WHAT IS REQUIRED
Transcribe exactly the line that contains "Some of the words" and each line that comes after it in the material, the last line included, and nothing more.
————————
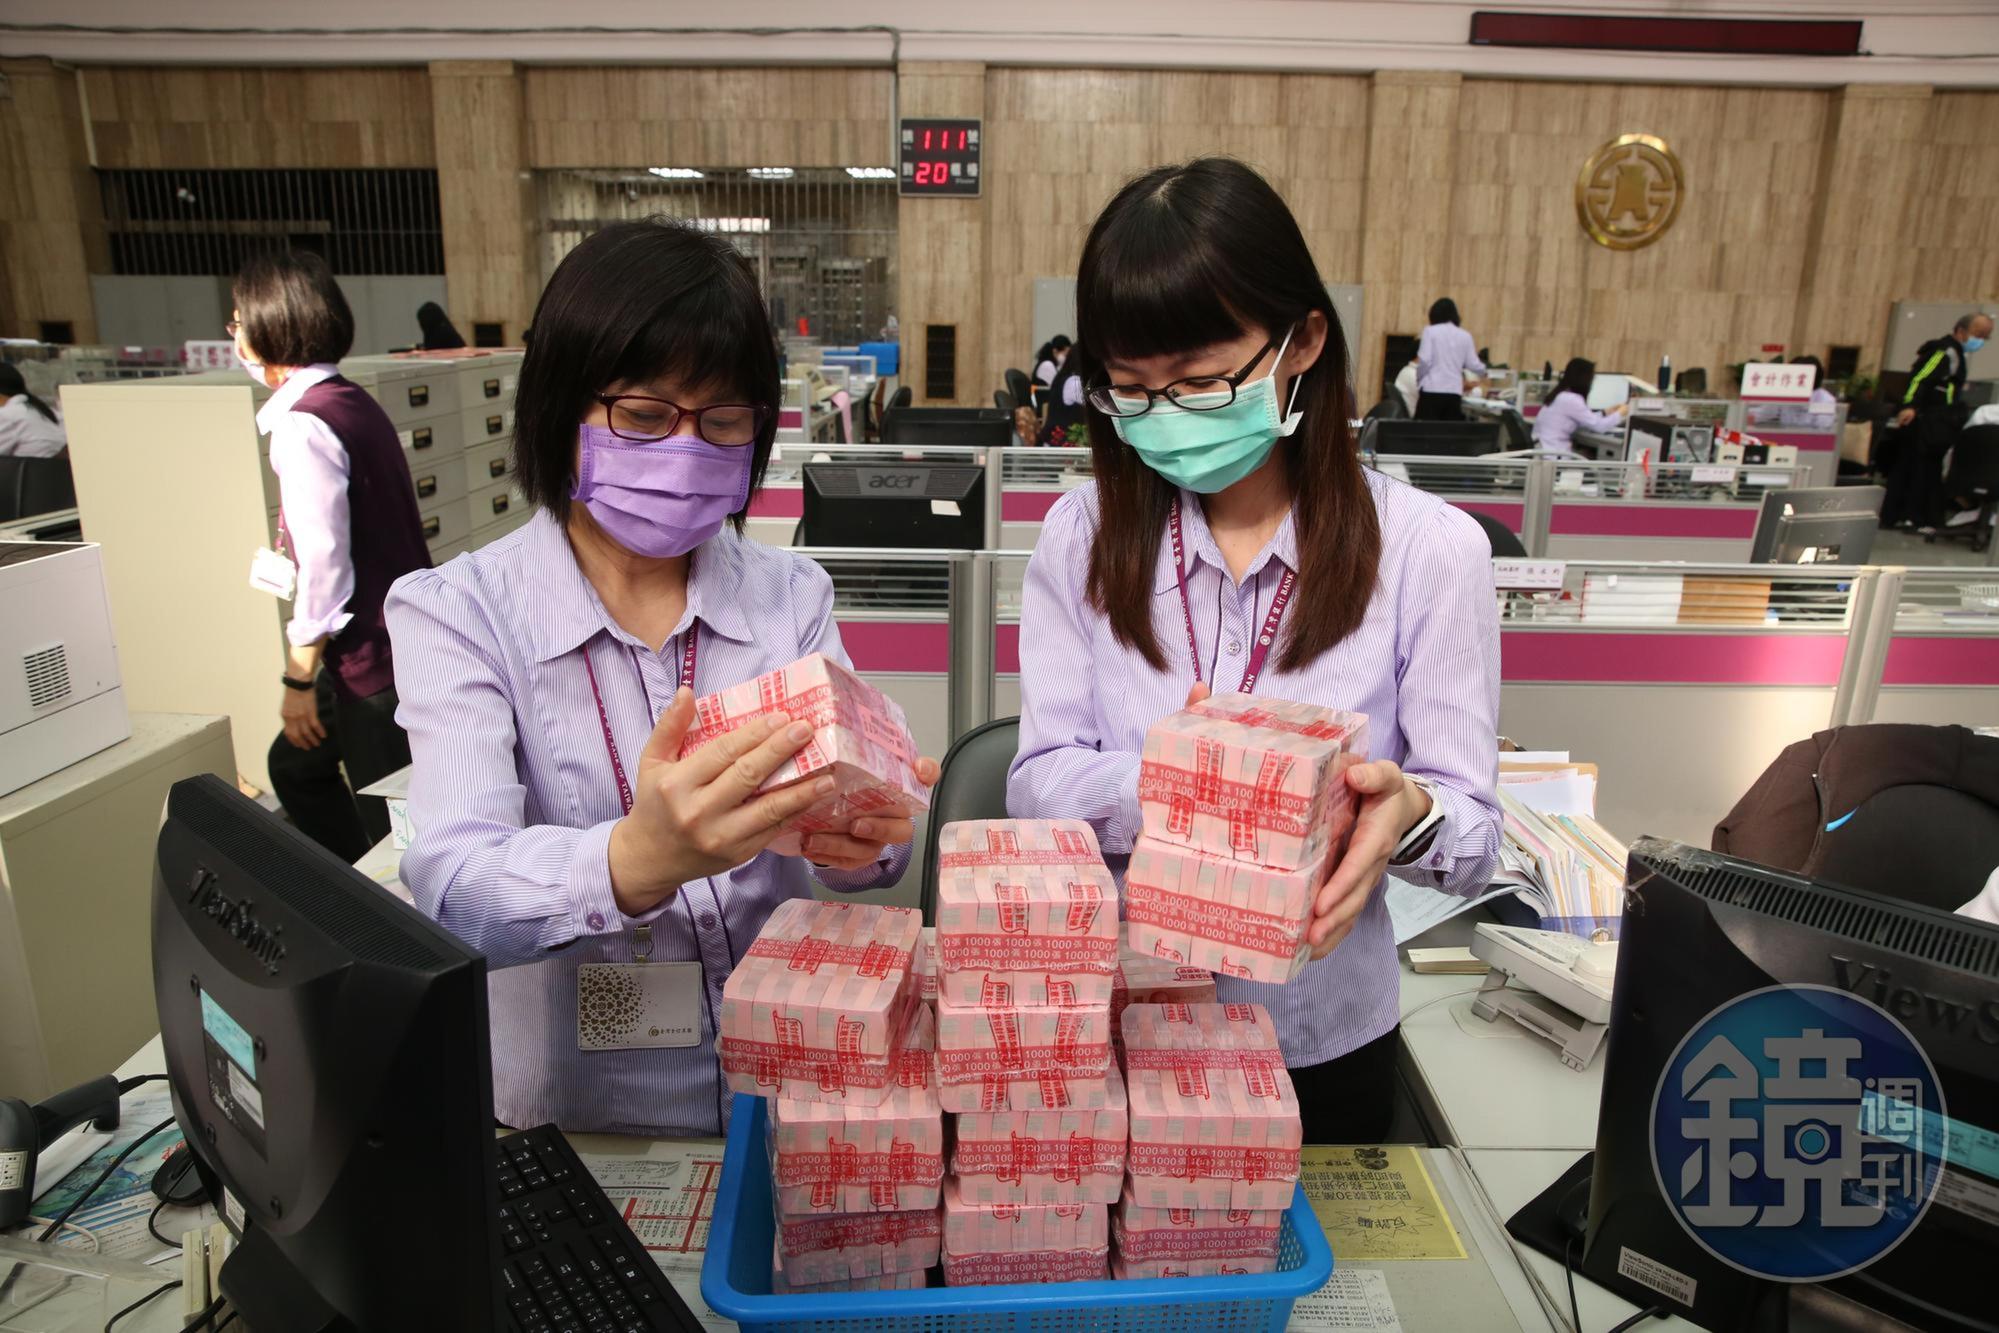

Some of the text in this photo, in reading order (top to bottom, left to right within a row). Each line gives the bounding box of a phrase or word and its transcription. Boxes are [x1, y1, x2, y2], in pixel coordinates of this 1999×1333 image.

[924, 129, 966, 150] 111
[915, 161, 948, 184] 20
[868, 474, 920, 489] acer
[1280, 572, 1296, 597] BANK
[1242, 673, 1256, 694] WAN
[617, 767, 625, 779] OF
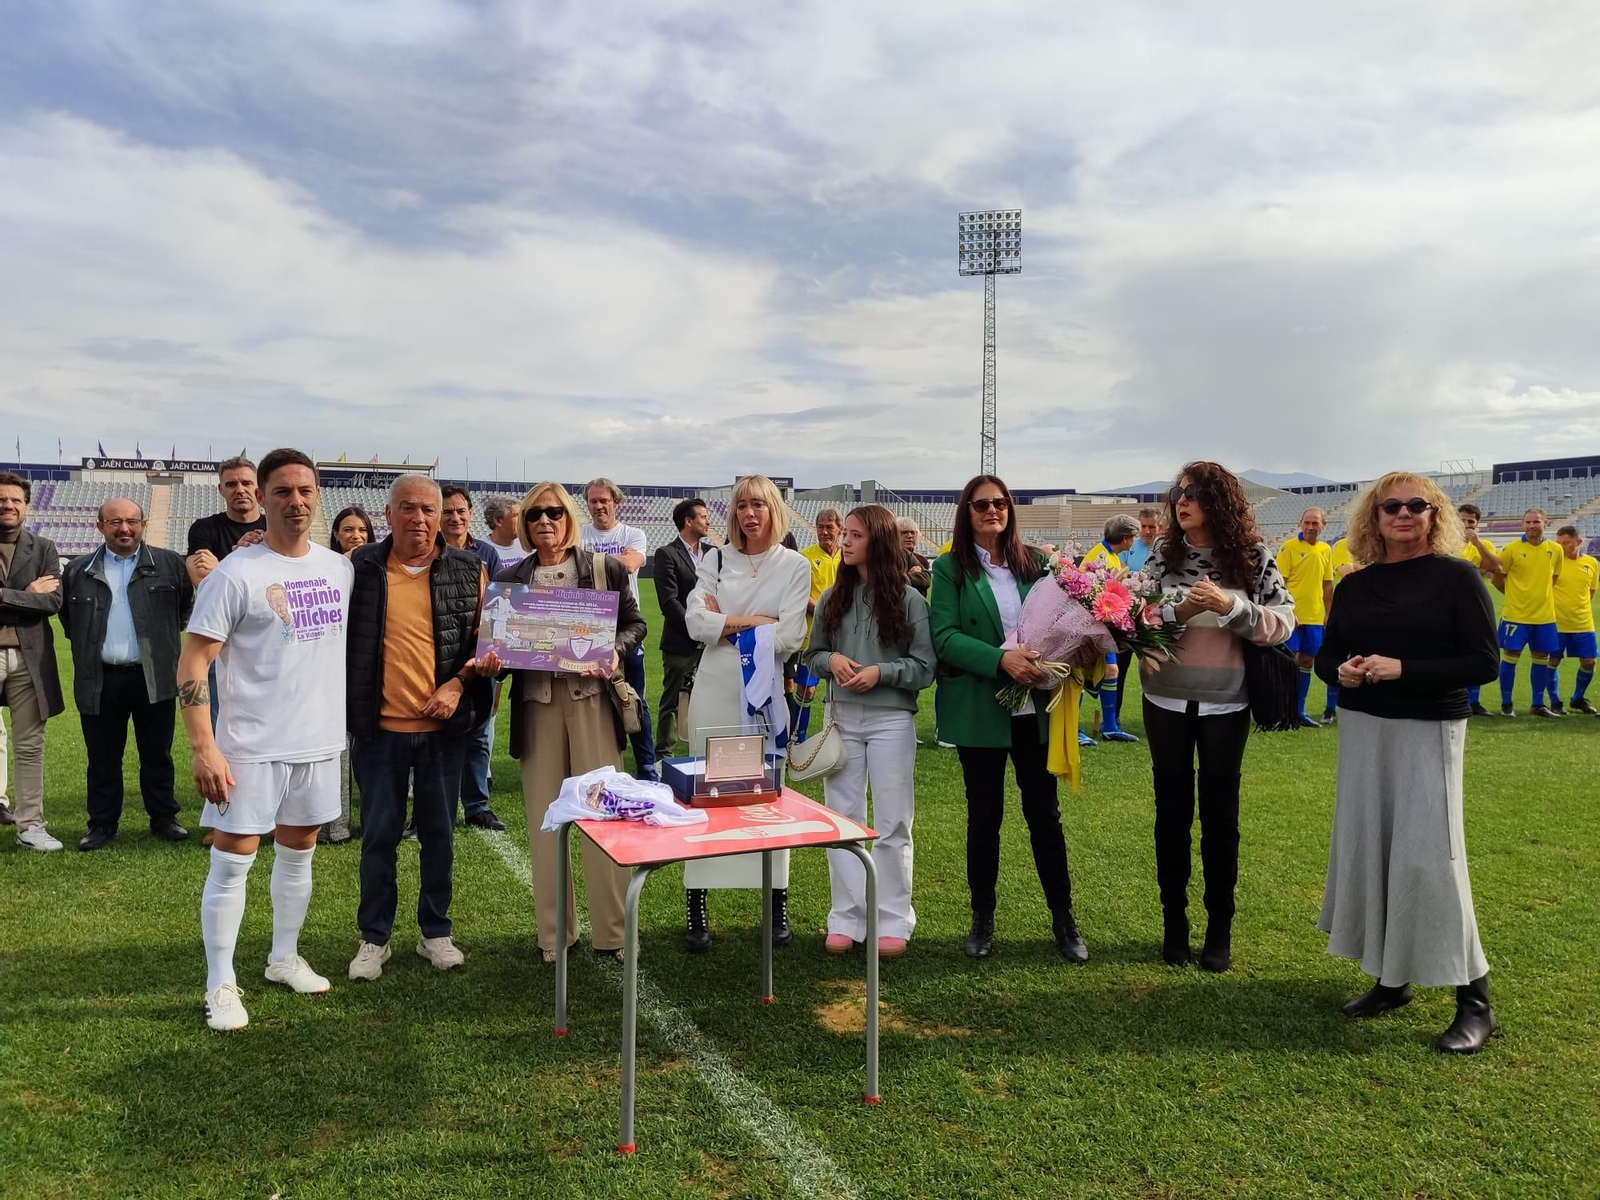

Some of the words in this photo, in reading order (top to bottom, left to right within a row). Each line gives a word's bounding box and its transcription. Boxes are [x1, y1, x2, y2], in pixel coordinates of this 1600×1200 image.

[100, 459, 121, 468] JAÉN
[124, 461, 148, 469] CLIMA
[169, 462, 190, 470] JAÉN
[192, 463, 215, 471] CLIMA
[284, 577, 327, 590] Homenaje
[287, 586, 341, 609] Higinio
[555, 589, 585, 600] Higinio
[585, 590, 615, 602] Vilches
[292, 607, 343, 629] Vilches
[1505, 623, 1518, 637] 17
————————
ANSWER FOR THE TASK
Some of the words in this photo, in reading order (top to bottom, left to right within a row). Each line gives a word's bounding box and its transcription. Boxes are [x1, y1, x2, y2], in pixel coordinates of this 1600×1200 image.

[100, 459, 121, 468] JAÉN
[124, 461, 148, 469] CLIMA
[169, 462, 190, 470] JAÉN
[192, 463, 215, 471] CLIMA
[284, 577, 327, 590] Homenaje
[287, 586, 341, 609] Higinio
[555, 589, 585, 600] Higinio
[585, 590, 615, 602] Vilches
[292, 607, 343, 629] Vilches
[1505, 623, 1518, 637] 17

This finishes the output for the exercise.